What is Solder Escape?

Solder escape, also known as solder wicking, is a common issue in Electronic Assembly where molten solder flows or “wicks” away from the intended joint, along the component lead or PCB trace. This can result in insufficient solder at the joint, leading to poor electrical connections, reduced mechanical strength, and potential reliability issues.

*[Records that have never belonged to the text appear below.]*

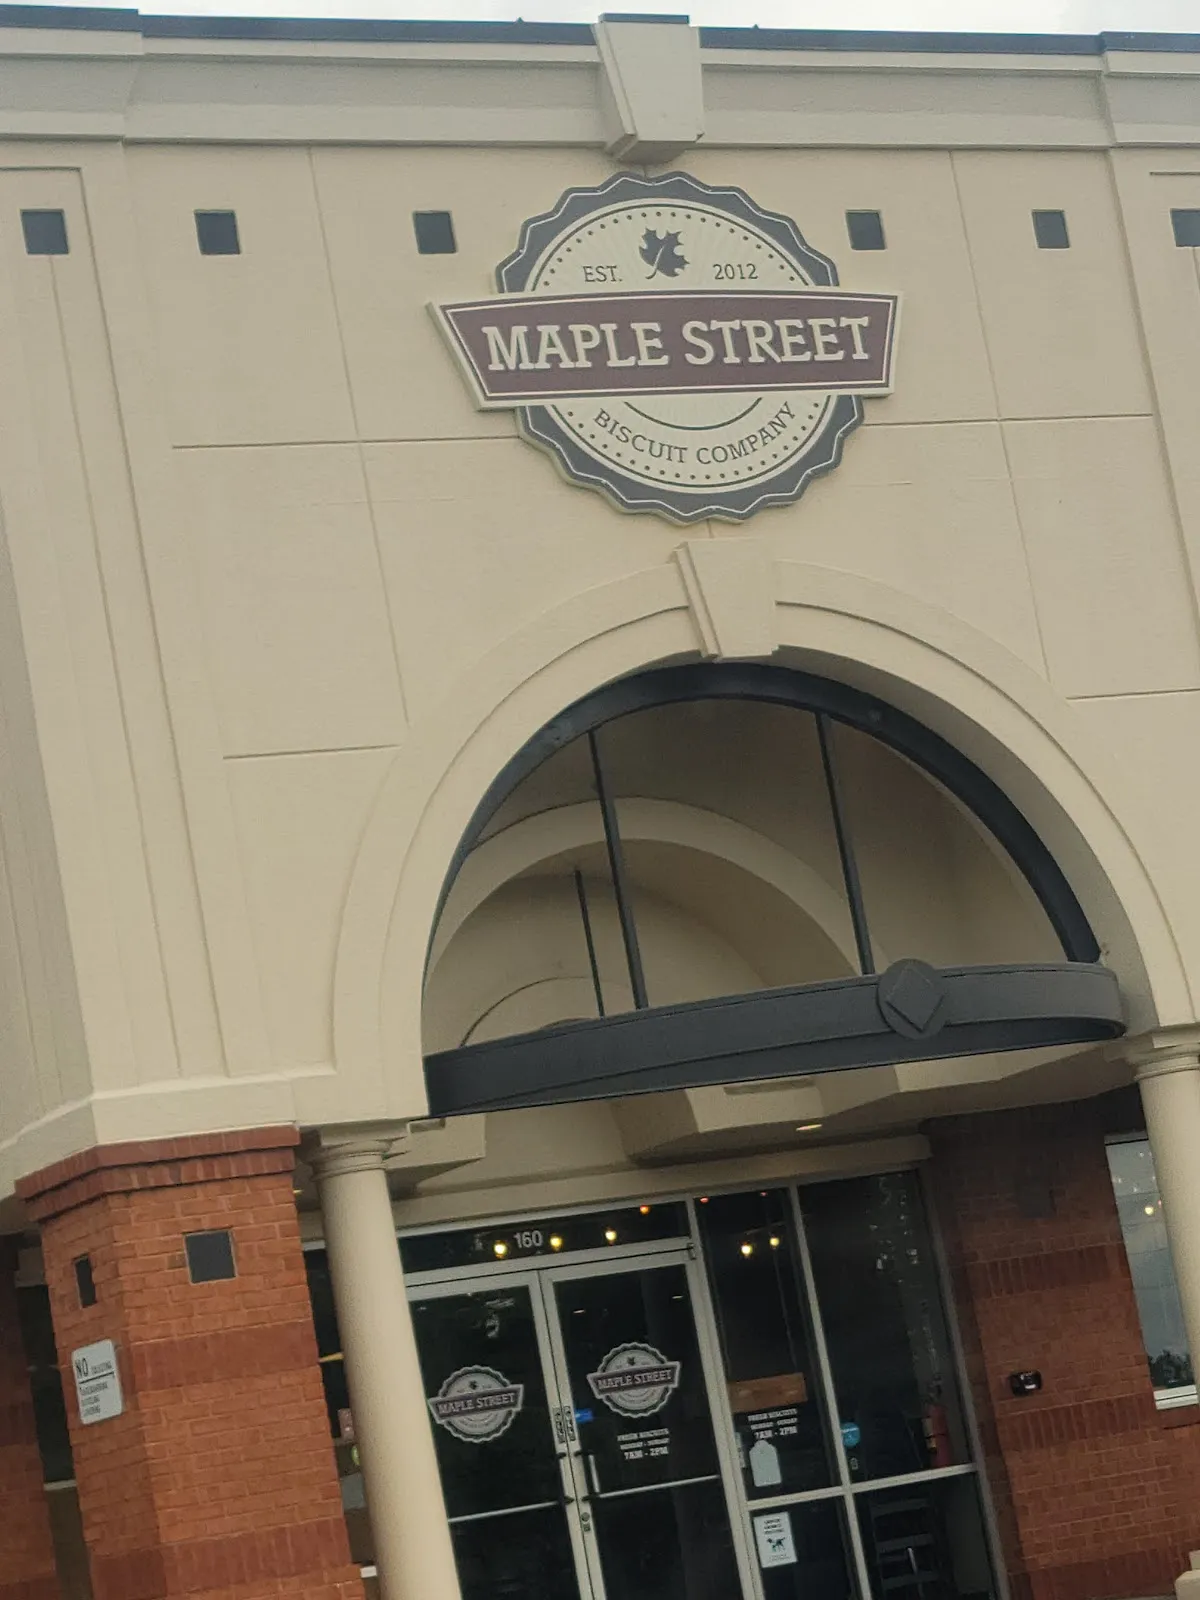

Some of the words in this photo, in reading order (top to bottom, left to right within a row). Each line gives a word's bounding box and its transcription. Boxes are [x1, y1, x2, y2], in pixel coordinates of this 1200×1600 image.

[583, 264, 623, 283] EST.
[712, 262, 759, 281] 2012
[482, 320, 669, 371] MAPLE
[681, 316, 869, 366] STREET
[593, 408, 688, 463] BISCUIT
[696, 401, 795, 464] COMPANY
[513, 1230, 543, 1249] 160
[597, 1374, 633, 1390] MAPLE
[634, 1369, 673, 1385] STREET
[437, 1399, 475, 1414] MAPLE
[476, 1392, 516, 1409] STREET

Solder escape is particularly problematic during reflow soldering, a process used to attach surface mount components to a printed circuit board (PCB). In reflow soldering, solder paste (a mixture of powdered solder and flux) is applied to the PCB pads, components are placed, and the assembly is heated in a reflow oven to melt the solder and form the joints.

Causes of Solder Escape

Several factors can contribute to solder escape during reflow:

Excessive Solder Paste

Applying too much solder paste can cause the excess molten solder to flow away from the joint along the component lead or PCB trace. This is especially true for small components with fine pitch leads.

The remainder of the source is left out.